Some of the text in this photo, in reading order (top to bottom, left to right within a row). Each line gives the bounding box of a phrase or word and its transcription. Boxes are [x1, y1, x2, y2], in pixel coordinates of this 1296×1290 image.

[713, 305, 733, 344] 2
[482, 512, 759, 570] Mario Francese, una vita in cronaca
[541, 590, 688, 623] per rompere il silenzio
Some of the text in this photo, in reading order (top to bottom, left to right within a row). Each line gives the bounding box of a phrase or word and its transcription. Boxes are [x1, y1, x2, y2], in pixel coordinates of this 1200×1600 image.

==

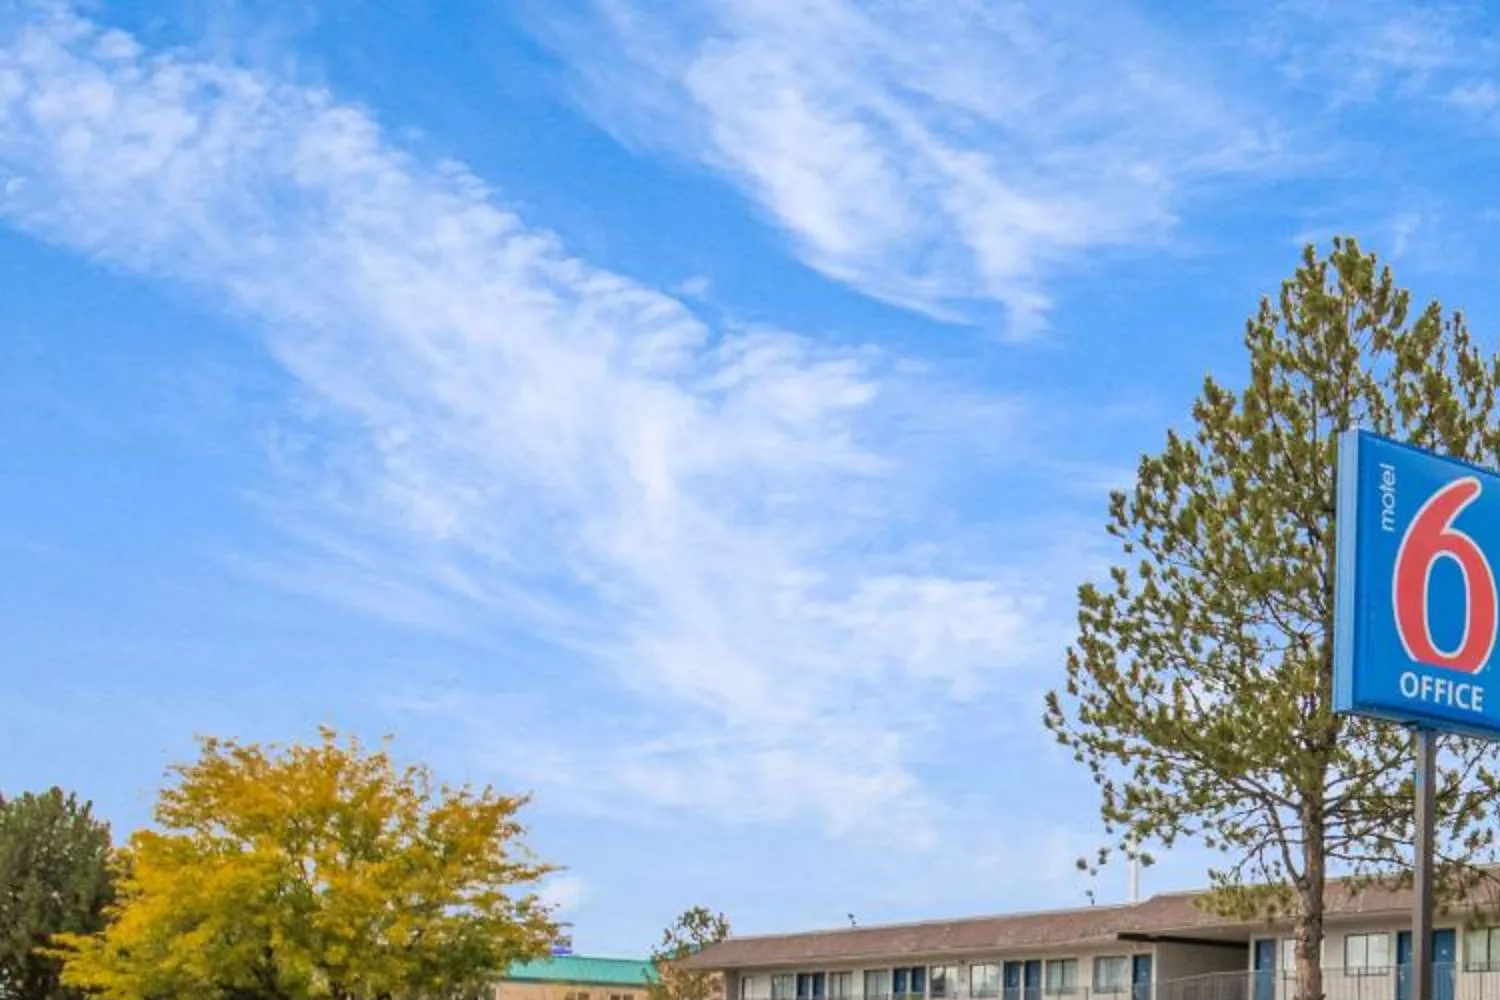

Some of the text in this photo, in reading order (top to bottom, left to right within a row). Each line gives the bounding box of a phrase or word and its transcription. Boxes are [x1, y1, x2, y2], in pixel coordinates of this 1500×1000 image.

What needs to be done — After locating the line with "this 1296×1290 image." above, return that line and every later line through the one with "this 1200×1600 image.", word for word and with nothing else.

Completed exercise —
Some of the text in this photo, in reading order (top to bottom, left to right within a row). Each line gives the bounding box of a phrase or word and its transcription. Boxes are [x1, y1, x2, y2], in pixel coordinates of this 1296×1290 image.

[713, 305, 733, 344] 2
[482, 512, 759, 570] Mario Francese, una vita in cronaca
[541, 590, 688, 623] per rompere il silenzio
Some of the text in this photo, in reading order (top to bottom, left to right within a row). Each line gives the bounding box of a phrase or word and its transcription. Boxes are [x1, y1, x2, y2], in pixel coordinates of this 1200×1600 image.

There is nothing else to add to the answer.